Having used his hands and arms to propel himself through life for more than twenty years, he was extremely strong. He could have snapped the boy’s neck like a chicken bone. But Jeptha was careful not to hurt him. He was simply trying to get the young fellow’s attention.

“Your sisters,” he said quietly, “will all grow up and learn the ways of men and women soon enough. As man of the family, it’s your job to keep them sheltered from that knowledge till they’re done with childhood.”

Rans glared at the man in mingled humiliation and disbelief, as if it were impossible that he could be held as securely as a chained prisoner by one crippled man at arm’s length.

Jeptha’s tone was soft, almost conciliatory. Now that he had the youngster in his power, it was possible to see him as simply an orphan boy with no parental guidance. A strange tug pulled at Jeptha’s heart. He could recall what it was like to be young and cocky and oh, so very sure of oneself. He didn’t envy the young Rans even a bit.

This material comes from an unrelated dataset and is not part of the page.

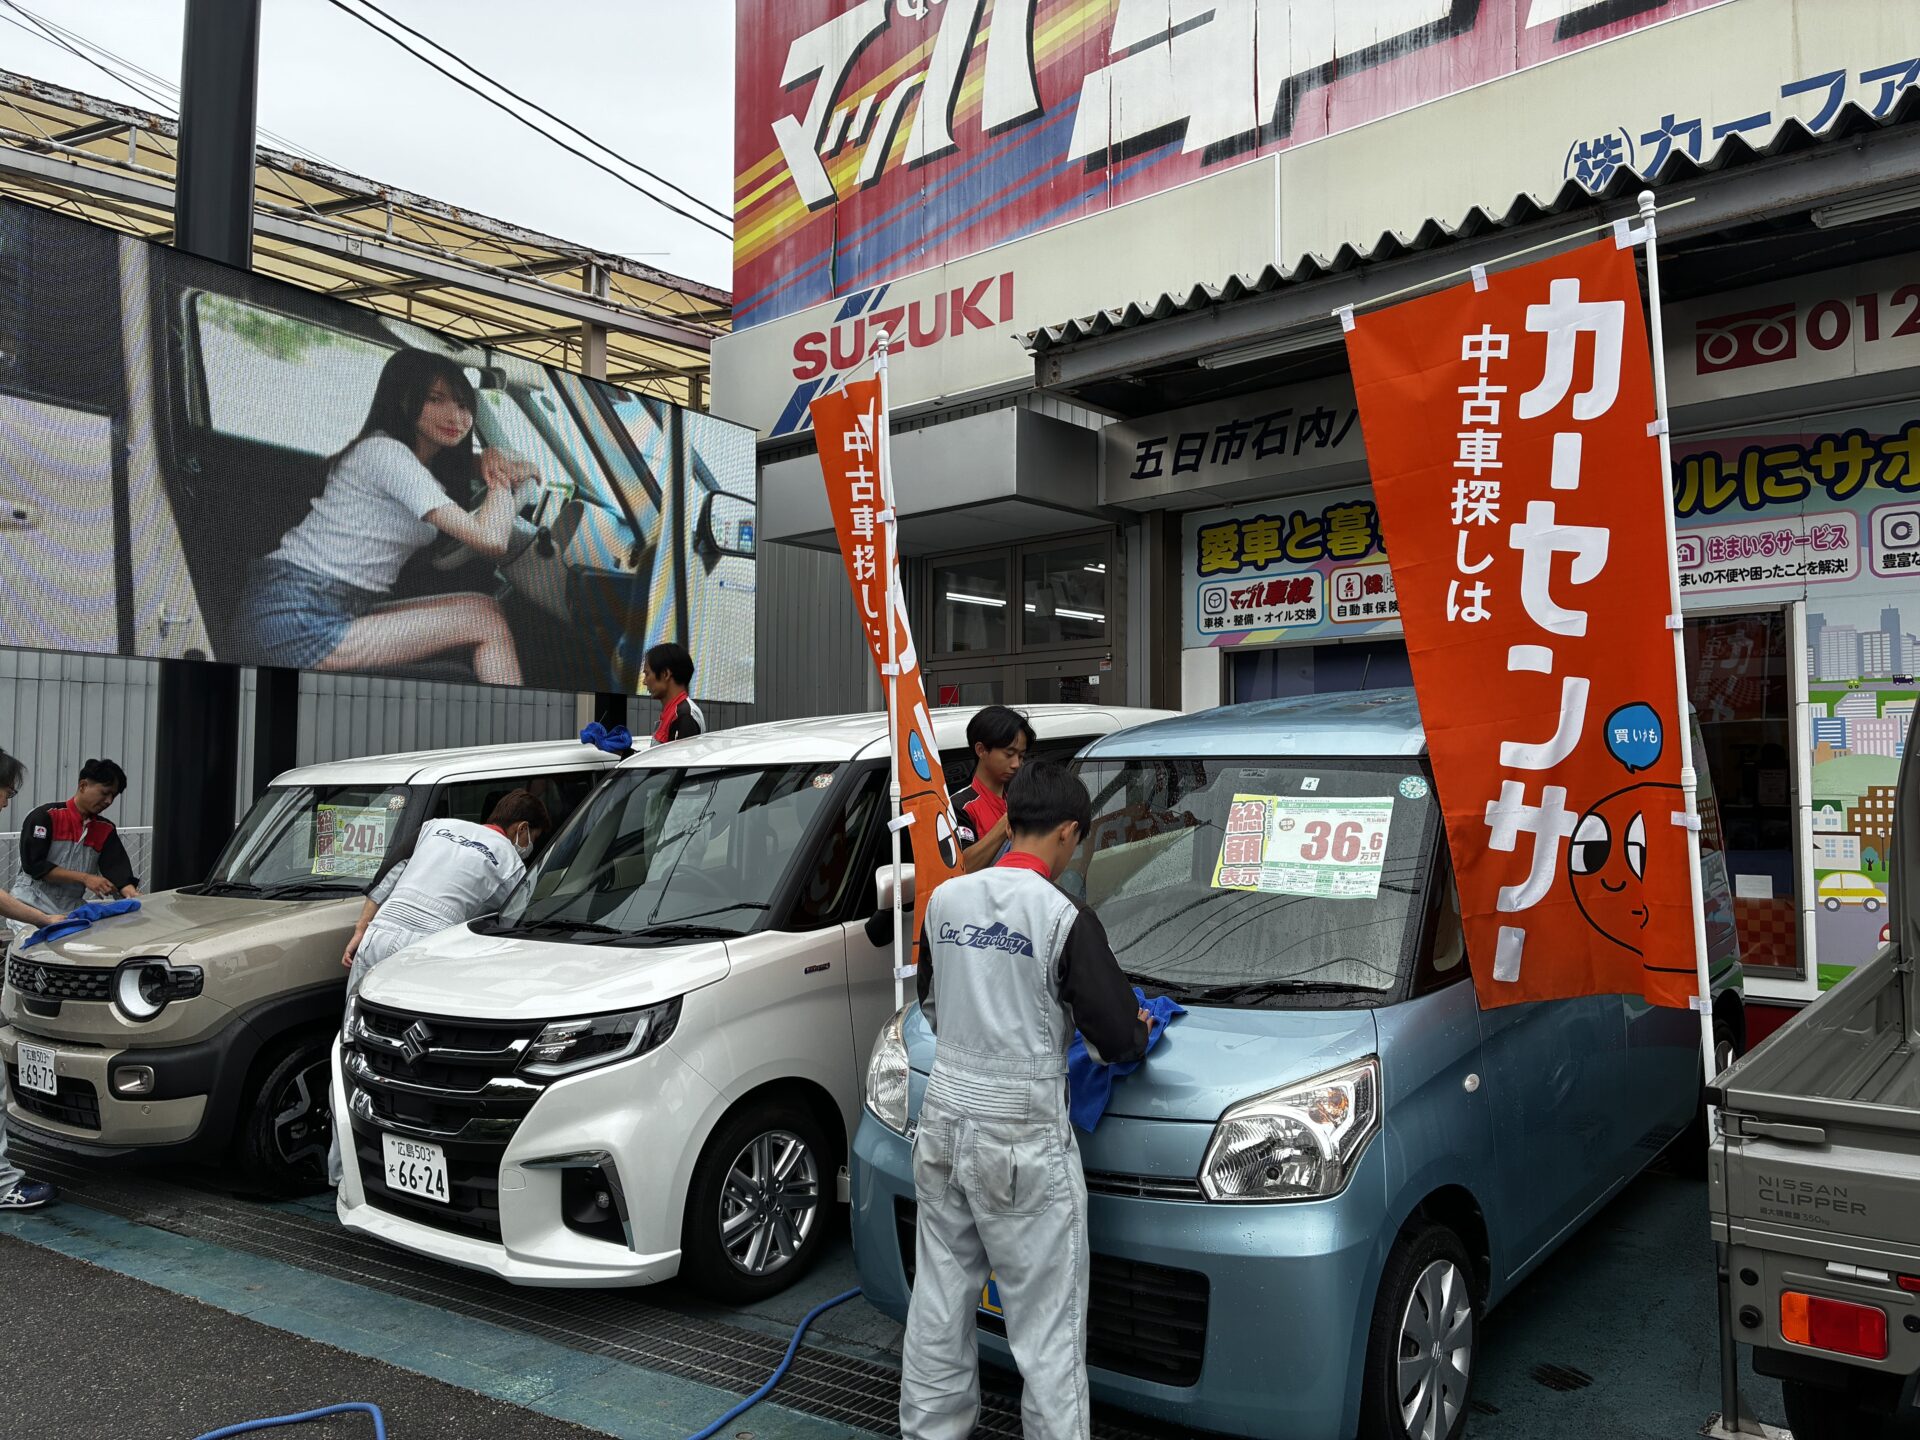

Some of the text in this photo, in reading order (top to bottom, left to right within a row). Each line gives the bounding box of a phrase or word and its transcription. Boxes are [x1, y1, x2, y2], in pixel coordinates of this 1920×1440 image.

“An important part of being a man,” he told the boy, “is knowing when to speak and when to keep your silence. It’s a hard lesson to learn. But I think you can start here today.”

Jeptha could see that the boy’s skin beneath his grip was completely white and bloodless.

“Are you ready to start practicing that lesson?” Jeptha asked him.

The boy didn’t immediately answer. He didn’t want to give in. He didn’t want to be bested. Jeptha understood that. Nobody liked it But it was a thing a man had to learn to take with grace.